We have a vision to be climate-positive by 2030. Ian McCormack, Energy and Environmental Manager in Estates and Campus Services, shares some of the work underway to eliminate plastics, manage waste, support sustainable travel and reduce energy consumption.
Tackling plastic waste
Eliminating single use plastic is a huge challenge but our Catering team has made a great start. They use glass milk bottles, saving nearly 13,000 milk sachets a year, bamboo cutlery, eco-friendly corn starch cups to save around 60,000 plastic cups a year, while encouraging all to use their own reusable cups. Plastic straws have been replaced with straws made from the hollow stems of wheat plants, a harvesting by-product.
Across campus, separate bins have been installed for recycling, food, liquids and batteries. Any non-recyclable items are extracted by our contractor, Suez, sorted and processed via their facility. A recent audit showed that a large proportion of plastic waste is from packaging brought into the University. Recycling bins are good at coping with common plastics but items such as crisp packets, bubble wrap and office stationery require bespoke processes. Steps to set up new waste stations to recycle these plastics are now underway.
Sustainable travel options
A new University Travel Plan is being prepared. A recent staff travel survey showed a 44 per cent decrease in the number of staff driving to work because of changes made last year to the Car Parking Policy. Staff who live within two miles are no longer eligible for car parking permits, resulting in active travel (such as cycling and walking) overtaking solo car use as the most common way staff commute to the University.

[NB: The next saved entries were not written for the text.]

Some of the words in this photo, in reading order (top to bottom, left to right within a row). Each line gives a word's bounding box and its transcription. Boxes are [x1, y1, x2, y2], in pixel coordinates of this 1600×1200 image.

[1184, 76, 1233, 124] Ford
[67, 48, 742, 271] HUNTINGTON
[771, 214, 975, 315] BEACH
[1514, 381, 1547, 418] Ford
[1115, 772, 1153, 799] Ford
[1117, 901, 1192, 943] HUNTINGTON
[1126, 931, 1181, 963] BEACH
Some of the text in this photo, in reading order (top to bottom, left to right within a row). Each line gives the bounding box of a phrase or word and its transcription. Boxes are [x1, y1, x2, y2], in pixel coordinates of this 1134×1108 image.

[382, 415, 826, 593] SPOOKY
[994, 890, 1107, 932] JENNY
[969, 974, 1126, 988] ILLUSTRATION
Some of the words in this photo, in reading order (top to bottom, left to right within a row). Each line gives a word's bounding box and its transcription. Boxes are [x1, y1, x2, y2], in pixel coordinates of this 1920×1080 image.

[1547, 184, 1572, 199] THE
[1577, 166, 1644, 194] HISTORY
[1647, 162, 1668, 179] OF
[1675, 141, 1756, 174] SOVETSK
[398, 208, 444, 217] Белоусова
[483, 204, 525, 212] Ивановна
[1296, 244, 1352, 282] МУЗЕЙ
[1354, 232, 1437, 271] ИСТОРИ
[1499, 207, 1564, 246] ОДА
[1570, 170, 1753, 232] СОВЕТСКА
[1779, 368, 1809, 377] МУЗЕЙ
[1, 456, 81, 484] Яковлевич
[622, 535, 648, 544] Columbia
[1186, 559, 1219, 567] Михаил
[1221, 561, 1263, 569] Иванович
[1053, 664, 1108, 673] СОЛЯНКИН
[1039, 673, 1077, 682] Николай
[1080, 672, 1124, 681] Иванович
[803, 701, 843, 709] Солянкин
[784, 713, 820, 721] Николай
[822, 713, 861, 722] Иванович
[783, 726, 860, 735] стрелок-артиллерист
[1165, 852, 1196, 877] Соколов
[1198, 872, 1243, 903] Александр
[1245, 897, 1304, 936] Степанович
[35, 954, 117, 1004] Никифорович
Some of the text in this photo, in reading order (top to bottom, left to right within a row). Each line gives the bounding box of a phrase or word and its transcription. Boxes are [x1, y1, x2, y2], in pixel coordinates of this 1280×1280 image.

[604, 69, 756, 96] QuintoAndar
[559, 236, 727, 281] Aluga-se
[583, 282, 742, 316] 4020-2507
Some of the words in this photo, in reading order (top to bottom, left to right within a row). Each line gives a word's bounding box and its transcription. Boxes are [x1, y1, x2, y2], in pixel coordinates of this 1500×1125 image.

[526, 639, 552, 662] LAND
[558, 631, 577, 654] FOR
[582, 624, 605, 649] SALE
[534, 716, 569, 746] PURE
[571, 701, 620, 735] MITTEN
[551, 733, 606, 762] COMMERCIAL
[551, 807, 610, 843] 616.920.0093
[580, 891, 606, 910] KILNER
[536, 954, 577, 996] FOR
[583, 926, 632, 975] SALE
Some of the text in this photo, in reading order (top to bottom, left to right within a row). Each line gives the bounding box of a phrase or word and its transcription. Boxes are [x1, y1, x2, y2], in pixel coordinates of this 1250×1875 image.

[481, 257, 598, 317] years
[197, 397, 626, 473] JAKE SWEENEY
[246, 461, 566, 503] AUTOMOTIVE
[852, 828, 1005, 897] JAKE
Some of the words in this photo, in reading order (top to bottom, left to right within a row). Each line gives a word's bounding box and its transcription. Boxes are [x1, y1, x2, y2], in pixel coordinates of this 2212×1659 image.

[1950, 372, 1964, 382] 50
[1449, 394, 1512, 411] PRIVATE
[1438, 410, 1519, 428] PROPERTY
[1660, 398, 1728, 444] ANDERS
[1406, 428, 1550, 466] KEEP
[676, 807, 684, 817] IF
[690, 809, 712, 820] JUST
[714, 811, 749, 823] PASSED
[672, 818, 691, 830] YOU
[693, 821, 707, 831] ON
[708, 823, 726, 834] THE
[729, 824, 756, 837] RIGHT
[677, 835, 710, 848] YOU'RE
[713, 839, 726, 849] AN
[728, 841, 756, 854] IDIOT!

Reducing energy consumption and emissions
Carbon emissions continue to be reduced through lower electricity, gas, water and fuel usage across campus. As well, 100 per cent of the University’s electricity is now being regularly provided from UK based renewable sources: solar, wind, hydro and wave. This means reporting zero emissions for electricity under the GHG Protocol Corporate Standards and a match to Renewable Energy Guarantees of Origin (REGOs). Other energy sustainability initiatives include fitting lighting movement sensors and upgrading and closely monitoring heating systems.
The University wants and needs to go further. Immediate plans include setting up more waste stations to recycle trickier plastics and supporting staff to cycle by improving bicycle security, and providing more storage and changing facilities. The use of electric vehicles is also supported, along with flexible working guidelines and encouraging alternatives to business travel.